An attempt has been made to improve the accuracy of controlling humidity in the room by humidification of recirculating air in the room unit (cf. USSR Inventor's Certificate No. 367,318, Int. Cl. 2 F 24 F 3/14). This ejection room unit of a central air-conditioning system comprises a housing whose side walls, bottom, and cover define a mixing chamber. The lower portion of the mixing chamber accommodates a primary air supply manifold having nozzles and communicating with the primary air-conditioner. A side wall of the housing has an inlet port wherein a heat exchanger is mounted. The cover of the housing has an outlet port. The distinctive feature of this unit consists in that it is provided with a humidifier located in the mixing chamber. The humidifier is a water supply pipe arranged in the primary air supply manifold and having branch pipes connected to the nozzles thereof. The heat exchanger is a coil connected to the heat carrier supply system. The primary air supply manifold has the form of a box with nozzles passing through the box top cover. Flowing out of the nozzles, the primary air ejects water from the branch pipes and atomizes it in the mixing chamber, thereby humidifying the recirculating-primary air mixture. This ejection room unit makes possible an individual humidity control in every room.
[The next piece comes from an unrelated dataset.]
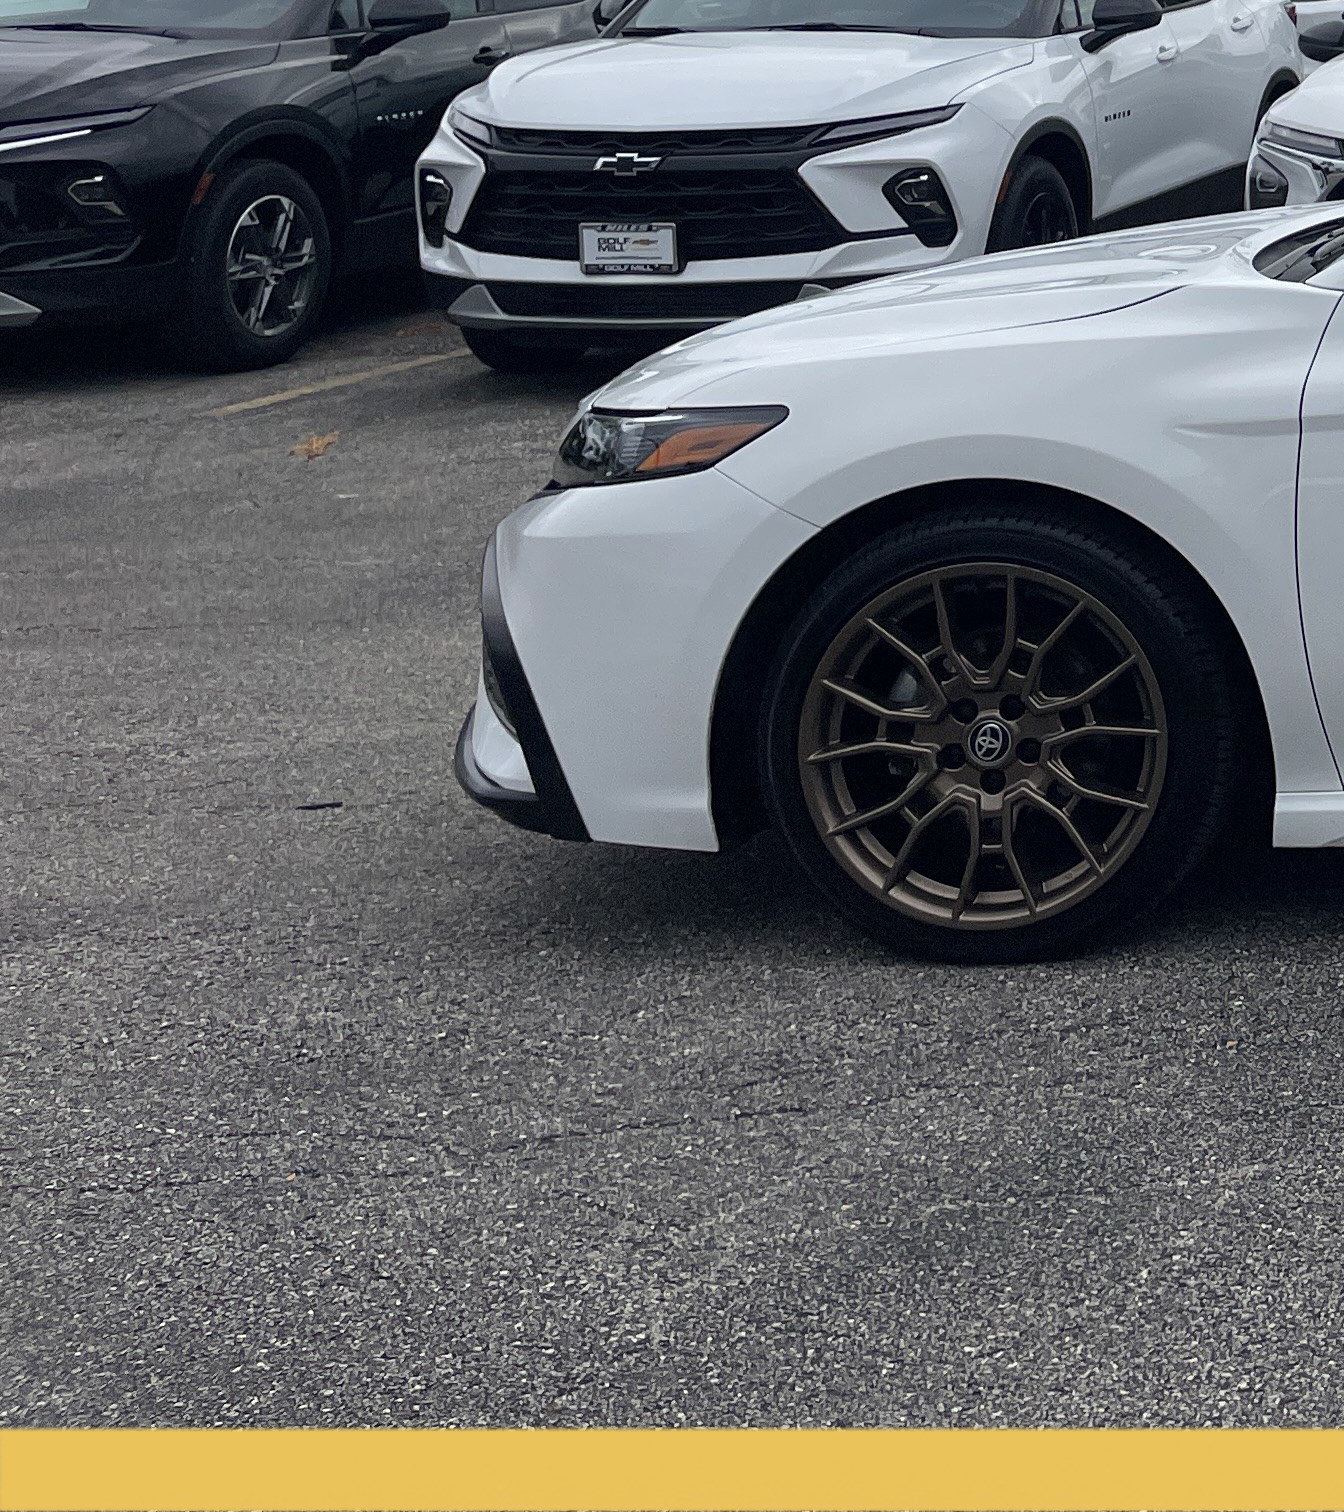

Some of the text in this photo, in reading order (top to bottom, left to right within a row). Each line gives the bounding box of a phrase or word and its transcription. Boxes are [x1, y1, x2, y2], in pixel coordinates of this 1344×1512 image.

[598, 237, 631, 245] GOLF
[598, 244, 625, 252] MILL
[604, 264, 654, 272] GOLF MILL
However, practice has shown that this construction is not free from some disadvantages.
One of these disadvantages consists in that the water accumulates on the manifold cover during continuous running of the unit floods the nozzles, and upsets the normal functioning of the humidifier. The water gets ejected from the unit into the room, which prevents an accurate control of the humidity.
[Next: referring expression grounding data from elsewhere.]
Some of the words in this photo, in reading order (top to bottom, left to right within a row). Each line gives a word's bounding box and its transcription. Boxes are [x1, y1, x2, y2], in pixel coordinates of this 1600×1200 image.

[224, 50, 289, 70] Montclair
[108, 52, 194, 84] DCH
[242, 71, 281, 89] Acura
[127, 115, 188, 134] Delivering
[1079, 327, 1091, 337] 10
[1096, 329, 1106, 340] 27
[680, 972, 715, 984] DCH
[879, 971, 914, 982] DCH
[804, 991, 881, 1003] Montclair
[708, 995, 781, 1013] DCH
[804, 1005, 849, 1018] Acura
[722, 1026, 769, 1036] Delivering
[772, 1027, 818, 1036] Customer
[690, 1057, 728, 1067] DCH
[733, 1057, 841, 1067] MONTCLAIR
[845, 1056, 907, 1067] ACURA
Another disadvantage lies in a destabilizing effect exerted on humidifier performance by the coil on which moisture condenses in summer, whereas in winter, when a heated-up heat carrier is fed to the heat exchanger, the relative humidity of air in the room declines due to water evaporation. In addition, the operation of this unit requires a great deal of apparatus and pipes for heating, cooling, and feeding the heat carrier, whose normal functioning requires considerable power.